How to complete this task: All of the data that follows is to be written out exactly, with images excluded.

Image-backed grounding data:

++++

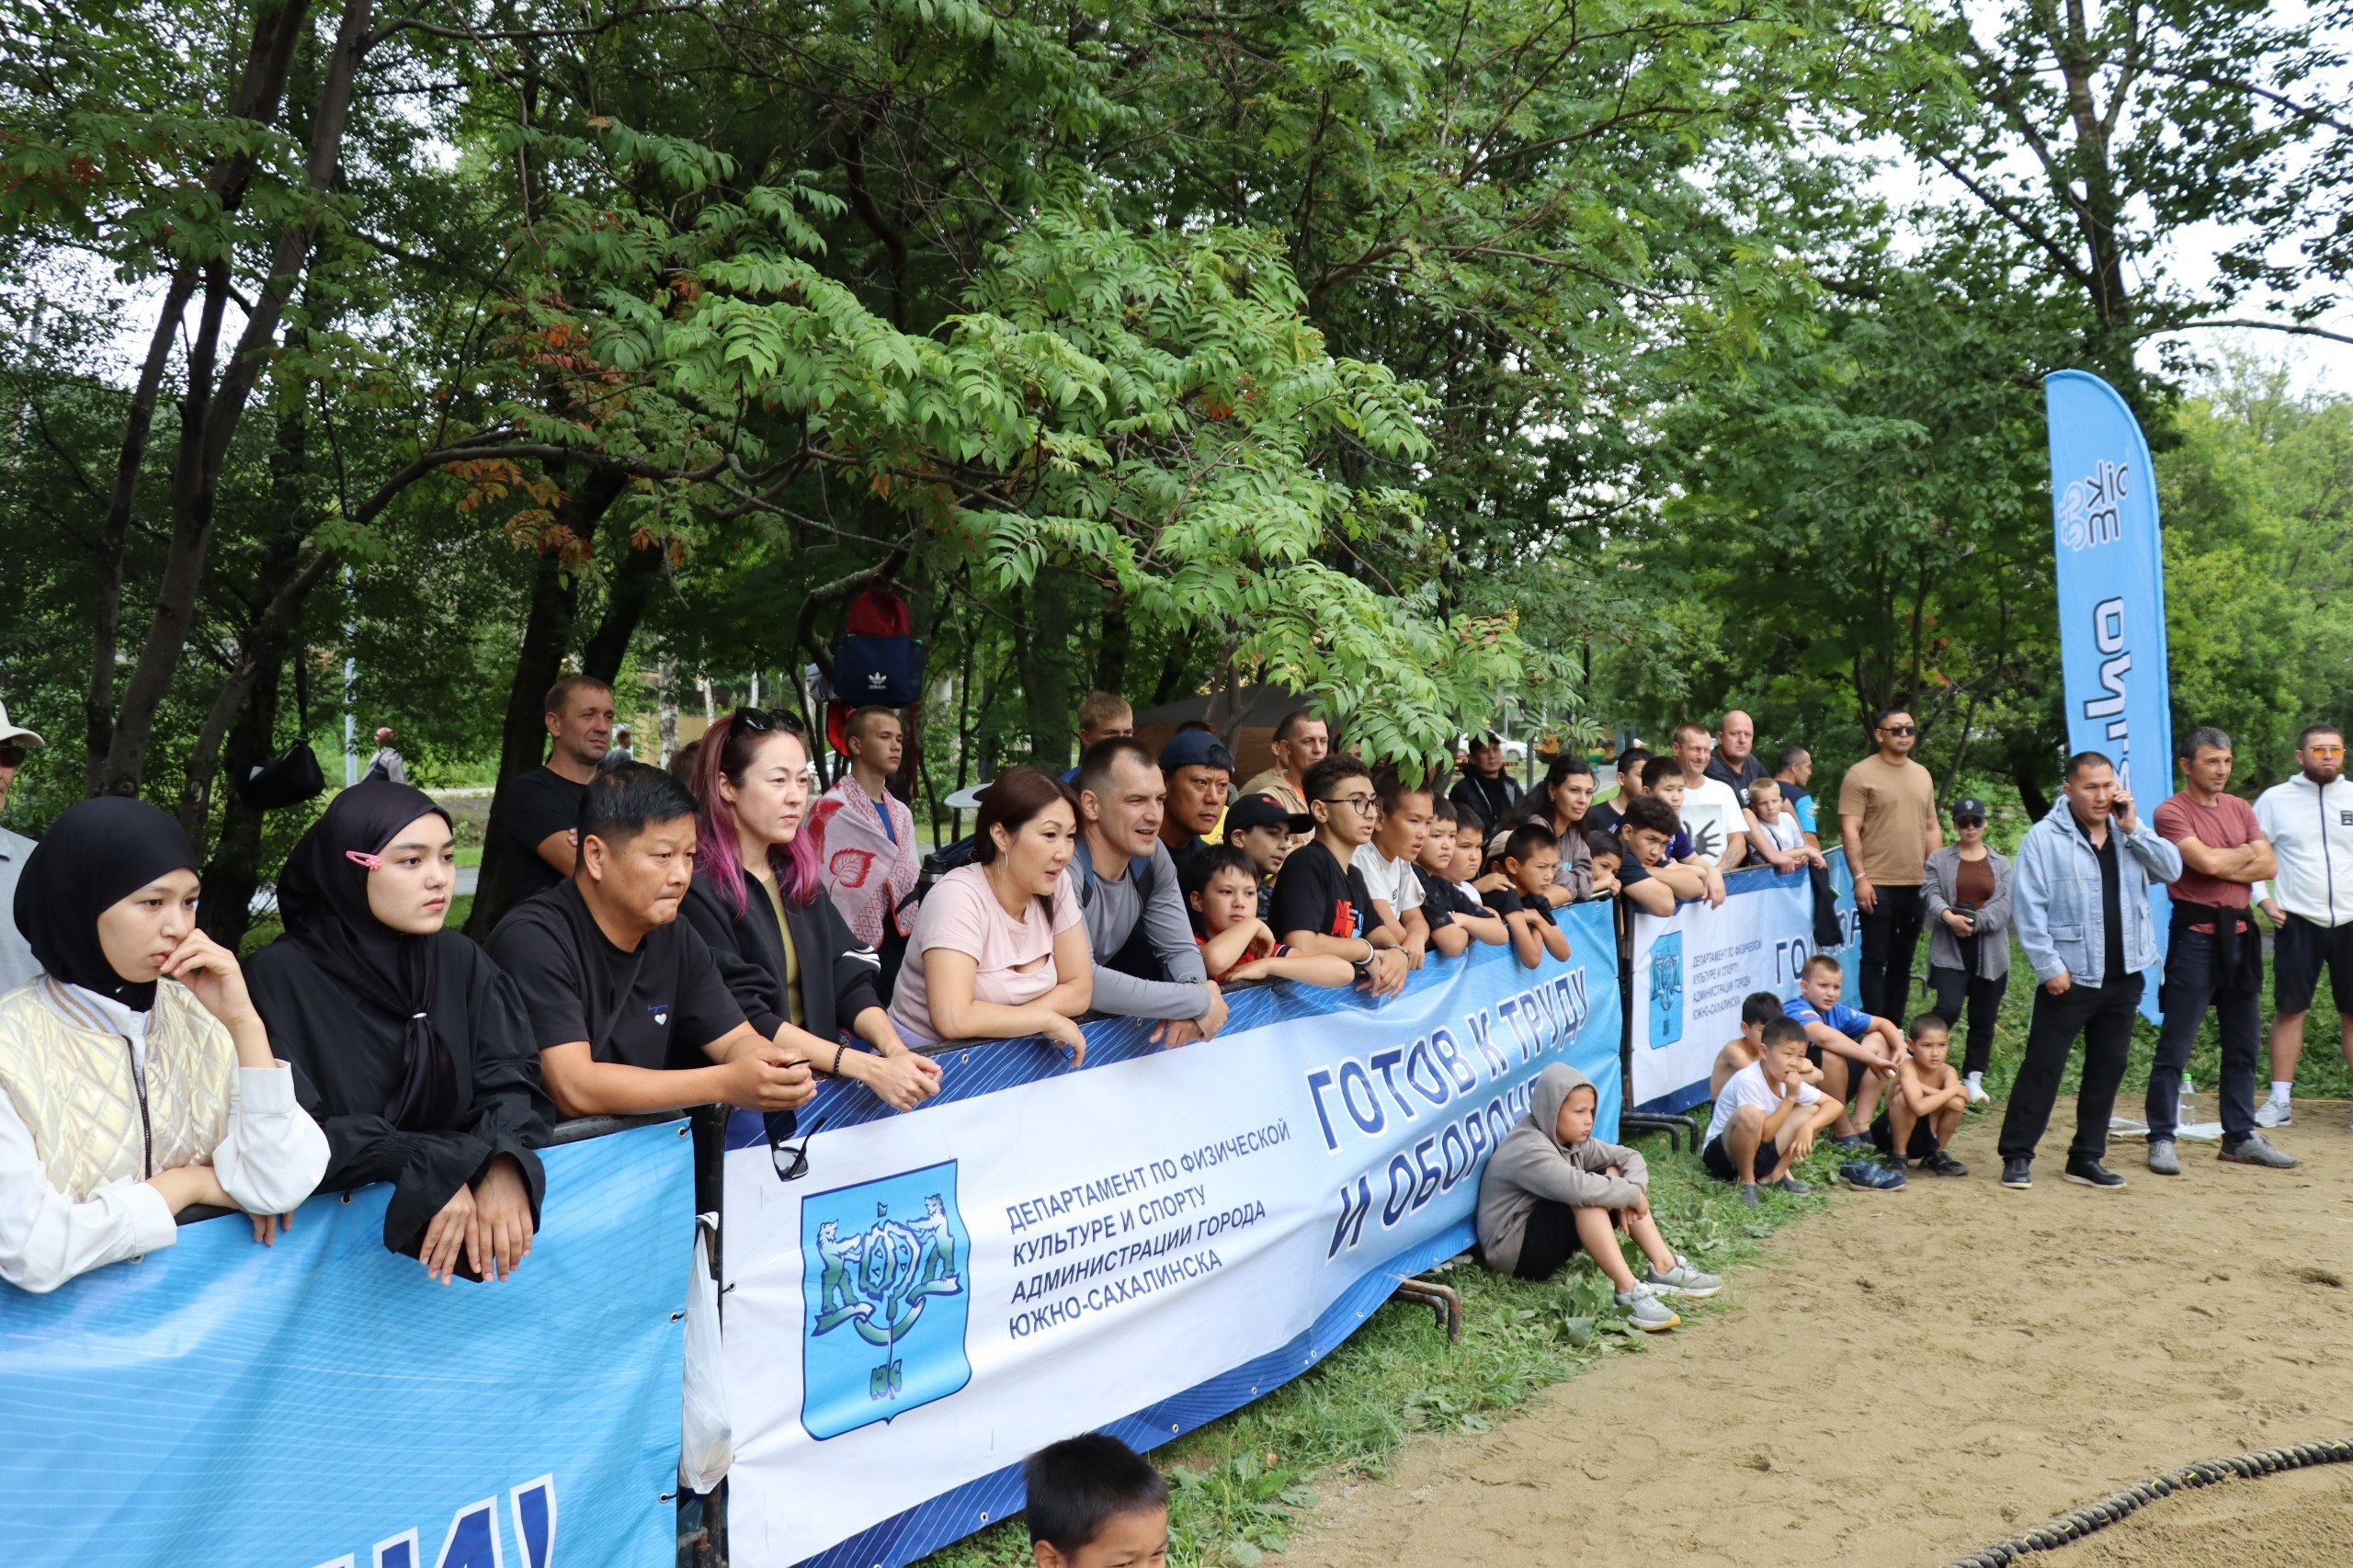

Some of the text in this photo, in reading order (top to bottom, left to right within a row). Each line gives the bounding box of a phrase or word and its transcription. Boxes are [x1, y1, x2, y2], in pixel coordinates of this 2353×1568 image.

[1693, 949, 1727, 968] ДЕПАРТАМЕНТ
[1735, 937, 1763, 955] ФИЗИЧЕСКОЙ
[1693, 962, 1740, 985] КУЛЬТУРЕ И СПОРТУ
[1693, 975, 1752, 1004] АДМИНИСТРАЦИИ ГОРОДА
[1692, 995, 1741, 1020] ЮЖНО-САХАЛИНСКА
[1306, 966, 1587, 1154] ГОТОВ К ТРУДУ
[1006, 1118, 1291, 1234] ДЕПАРТАМЕНТ ПО ФИЗИЧЕСКОЙ
[1326, 1171, 1372, 1264] И
[1011, 1199, 1267, 1304] АДМИНИСТРАЦИИ ГОРОДА
[1013, 1185, 1207, 1267] КУЛЬТУРЕ И СПОРТУ
[1008, 1248, 1223, 1340] ЮЖНО-САХАЛИНСКА

++++

Answer section:
Some of the text in this photo, in reading order (top to bottom, left to right within a row). Each line gives the bounding box of a phrase or word and its transcription. Boxes are [x1, y1, x2, y2], in pixel coordinates of this 2353×1568 image.

[1693, 949, 1727, 968] ДЕПАРТАМЕНТ
[1735, 937, 1763, 955] ФИЗИЧЕСКОЙ
[1693, 962, 1740, 985] КУЛЬТУРЕ И СПОРТУ
[1693, 975, 1752, 1004] АДМИНИСТРАЦИИ ГОРОДА
[1692, 995, 1741, 1020] ЮЖНО-САХАЛИНСКА
[1306, 966, 1587, 1154] ГОТОВ К ТРУДУ
[1006, 1118, 1291, 1234] ДЕПАРТАМЕНТ ПО ФИЗИЧЕСКОЙ
[1326, 1171, 1372, 1264] И
[1011, 1199, 1267, 1304] АДМИНИСТРАЦИИ ГОРОДА
[1013, 1185, 1207, 1267] КУЛЬТУРЕ И СПОРТУ
[1008, 1248, 1223, 1340] ЮЖНО-САХАЛИНСКА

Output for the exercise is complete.